President Joe Biden and Donald Trump have launched multi-state campaign blitzes ahead of midterm elections that could end up hobbling the Democrat's next two years while setting the stage for a Trump comeback attempt.
Biden's three-day tour began on Thursday in Albuquerque, New Mexico's largest city, where he spoke at a community college on his cancellation of billions of dollars in student debt and other policies that have "delivered enormous progress for the nation."
"You represent the best of us, the very best of us," Biden told students at Central New Mexico Community College.
"Your generation is not going to be ignored, you will not be shunned, you will not be silenced."

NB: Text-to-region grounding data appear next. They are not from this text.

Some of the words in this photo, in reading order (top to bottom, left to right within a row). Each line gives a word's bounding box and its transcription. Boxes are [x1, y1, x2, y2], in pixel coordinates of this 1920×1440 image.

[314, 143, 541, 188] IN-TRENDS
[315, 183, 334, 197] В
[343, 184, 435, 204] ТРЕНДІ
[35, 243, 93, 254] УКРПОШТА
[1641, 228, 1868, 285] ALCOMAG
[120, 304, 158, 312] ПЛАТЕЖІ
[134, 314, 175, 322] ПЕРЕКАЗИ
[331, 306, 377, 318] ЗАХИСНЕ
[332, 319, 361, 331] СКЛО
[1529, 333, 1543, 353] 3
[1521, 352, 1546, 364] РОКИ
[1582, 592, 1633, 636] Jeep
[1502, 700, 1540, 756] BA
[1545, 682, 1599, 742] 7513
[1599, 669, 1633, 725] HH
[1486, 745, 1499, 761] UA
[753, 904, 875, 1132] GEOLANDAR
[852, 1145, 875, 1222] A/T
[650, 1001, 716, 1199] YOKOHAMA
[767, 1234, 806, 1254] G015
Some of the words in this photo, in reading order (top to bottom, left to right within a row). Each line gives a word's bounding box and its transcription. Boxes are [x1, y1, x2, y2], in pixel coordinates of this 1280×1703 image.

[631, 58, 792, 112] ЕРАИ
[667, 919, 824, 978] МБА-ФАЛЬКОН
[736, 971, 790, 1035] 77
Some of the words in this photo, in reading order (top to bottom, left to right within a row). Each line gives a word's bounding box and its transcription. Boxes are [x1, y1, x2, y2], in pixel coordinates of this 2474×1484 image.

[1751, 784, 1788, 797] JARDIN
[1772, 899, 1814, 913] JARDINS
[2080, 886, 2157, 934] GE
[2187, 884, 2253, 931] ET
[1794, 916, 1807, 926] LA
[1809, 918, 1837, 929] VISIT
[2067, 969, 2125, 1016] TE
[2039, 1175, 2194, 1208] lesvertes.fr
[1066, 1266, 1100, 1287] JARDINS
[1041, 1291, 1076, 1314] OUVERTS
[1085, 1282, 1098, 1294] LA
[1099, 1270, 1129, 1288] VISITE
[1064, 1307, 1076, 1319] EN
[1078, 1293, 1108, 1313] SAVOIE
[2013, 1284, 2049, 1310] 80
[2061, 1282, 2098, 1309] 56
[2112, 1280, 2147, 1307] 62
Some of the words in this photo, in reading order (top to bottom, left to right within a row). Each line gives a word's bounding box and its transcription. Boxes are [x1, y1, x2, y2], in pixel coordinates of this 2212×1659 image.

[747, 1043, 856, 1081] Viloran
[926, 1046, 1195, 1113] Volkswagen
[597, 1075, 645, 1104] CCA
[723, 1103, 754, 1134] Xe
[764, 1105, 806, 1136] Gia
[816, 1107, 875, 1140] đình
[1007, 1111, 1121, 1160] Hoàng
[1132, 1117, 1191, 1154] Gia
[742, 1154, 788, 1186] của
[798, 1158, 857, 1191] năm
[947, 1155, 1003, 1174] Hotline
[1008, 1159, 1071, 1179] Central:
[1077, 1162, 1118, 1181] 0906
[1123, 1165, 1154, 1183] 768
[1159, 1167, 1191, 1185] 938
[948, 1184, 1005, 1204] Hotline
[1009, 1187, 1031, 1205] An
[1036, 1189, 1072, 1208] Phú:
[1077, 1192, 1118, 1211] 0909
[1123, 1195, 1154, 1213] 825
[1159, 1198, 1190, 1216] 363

During the tour, Biden is flying on to California, Chicago and finally battleground Pennsylvania, where popular former president Barack Obama -- for whom he served as vice president for eight years -- will join him at a rally on Saturday.
Biden's big final push comes on the heels of a speech on Wednesday warning that Trump and the increasingly dominant far-right wing of the Republican party are threatening the survival of US democracy with conspiracy theories aimed at undermining confidence in election results.
But Trump -- who remains the Republican party's de facto leader and possible 2024 presidential candidate despite losing the 2020 election and being under investigation for stashing top secret presidential documents at his Florida golf resort -- is on the offensive.
Republicans on offensive
Hitting four key electoral states in five days -- Iowa on Thursday, then Florida, Pennsylvania and finally Ohio on Monday -- Trump is reinforcing his role as Republican overlord.
If his efforts pay off with victories for his preferred candidates on Tuesday, he will not only expand his powerful group in Congress but create momentum for what many believe is a likely announcement that he's seeking a second presidential term in 2024.
If Trump Republicans seize control of Congress, Biden will likely face a permanent political dogfight and legislative gridlock over the next two years of his administration.
Biden passionately argues that refusals by Republicans to accept election defeats -- starting with Trump's unprecedented attempt to overturn the 2020 election -- imperils the nation's democratic survival.
But polls show Americans paying far more attention to what they see as more immediate issues, starting with the highest inflation in four decades, which has driven up costs of staples like food and fuel.
'Democrats are desperate'
More than half of Americans say the price of fuel and consumer goods is the economic issue that worries them the most in a new Quinnipiac University national poll.
Republicans have also successfully energised their base with messaging on spikes in illegal immigration and crime, often conflating the two issues to portray the country, and white people, in particular, as under assault.
"From surging crime, uncomfortably high inflation, and an open border, New Mexico families deserve better than Biden's failures," said Republican National Committee chairwoman Ronna McDaniel as Biden landed in the southwestern state.
"Democrats are desperate," she said. "Bringing in Biden to stump for them will only backfire."
With Republicans clear favourites to take control of the House, all eyes are on the Senate.